W listopadzie 2004 r. Marek J. zwrócił się do Krajowego Rejestru Karnego w Warszawie o zaświadczenie o niekaralności, potrzebne mu przy ubieganiu się o pracę. Okazało się wtedy, że w tym Rejestrze figuruje jako skazany w dniu 7 stycznia 2004 r. przez Sąd Rejonowy w Zielonej Górze za kradzież na 6 miesięcy pozbawienia wolności z warunkowym zawieszeniem wykonania tej kary na okres 2 lat. Zdesperowany Marek J. napisał w dniu 25.11.2004 r. skargę do Ministra Sprawiedliwości, przedstawiając dokładnie swoje perypetie z prawem i wyrażając przekonanie, że mają one związek z kradzieżą jego dokumentów w 1999 r. Dowód osobisty odzyskał wprawdzie w tym samym dniu, w którym go utracił, jednak widocznie ktoś wykorzystuje jego dane personalne.

Przypuszczenie Marka J. okazało się trafne, a sprawcę jego kłopotów ustalono, gdy po raz kolejny trafił do Izby Wytrzeźwień w Raculi, podając się za Marka J. Dyrektor tej placówki przekazał go wówczas Policji, która ustaliła, iż pod personalia Marka J. podszył się Szczepan P.

Dalej sprawy potoczyły się szybko.

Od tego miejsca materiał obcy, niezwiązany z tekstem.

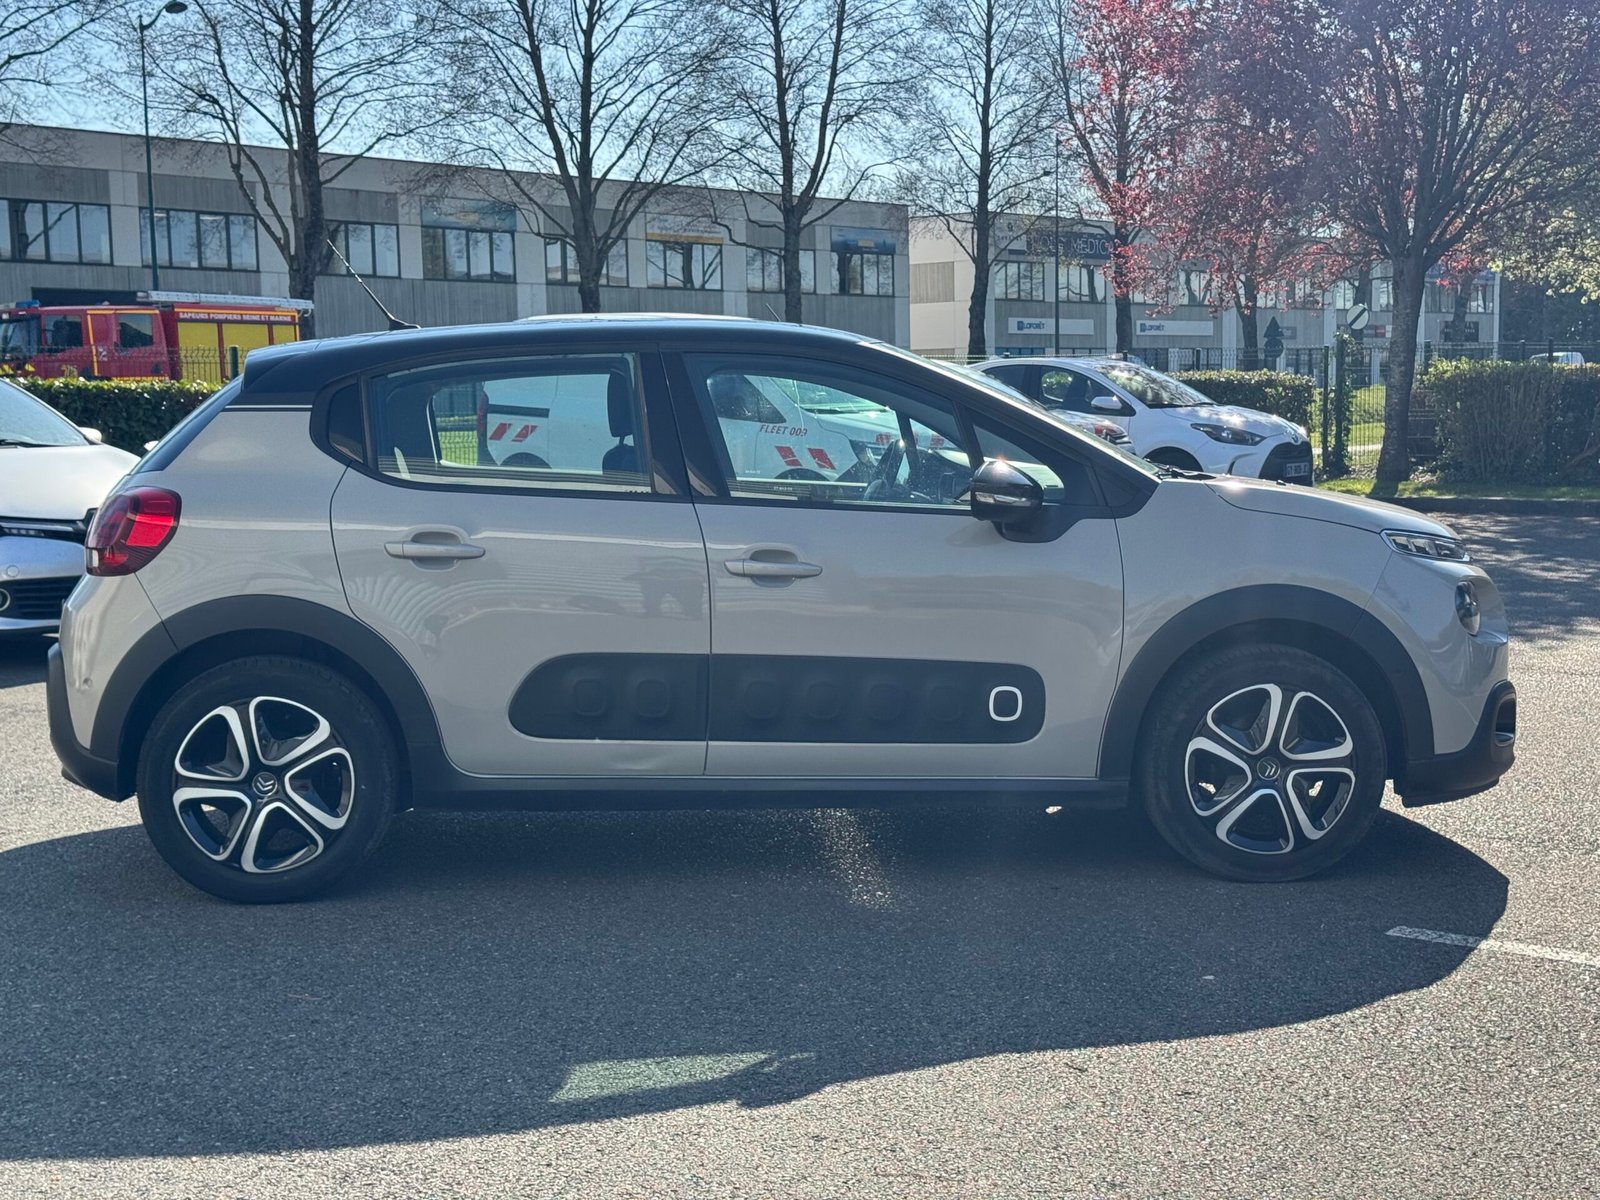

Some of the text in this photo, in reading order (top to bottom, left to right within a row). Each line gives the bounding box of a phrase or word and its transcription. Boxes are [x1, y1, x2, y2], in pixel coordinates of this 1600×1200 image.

W dniu 29 grudnia 2004 r. Prokurator Rejonowy w Zielonej Górze oskarżył Szczepana P. za to, że przez tworzenie fałszywych dowodów skierował przeciwko Markowi J. ściganie o przestępstwo. Grozi za to kara do 3 lat pozbawienia wolności. Ponadto Szczepan P. został oskarżony o kradzież złomu wartości 800 zł, za którą wcześniej skazany został Marek J.

Jednocześnie prokurator skierował do Sądu Okręgowego w Zielonej Górze wniosek o wznowienie postępowania sądowego zakończonego wyrokiem skazującym Marka J. Uchylenie tego wyroku przywróci formalnie niekaralność Markowi J. i umożliwi mu podjęcie pracy.

Pozostanie jeszcze kwestia wyjaśnienia, dlaczego Policja nie ustaliła tożsamości sprawcy w sposób pewny, a sąd nie zwrócił uwagi na ten mankament, skazując w rezultacie niewinnego człowieka. Trzeba też będzie oskarżyć Szczepana P. o przestępstwo, od którego popełnienia Sad Rejonowy w Nowej Soli uniewinnił wcześniej Marka J.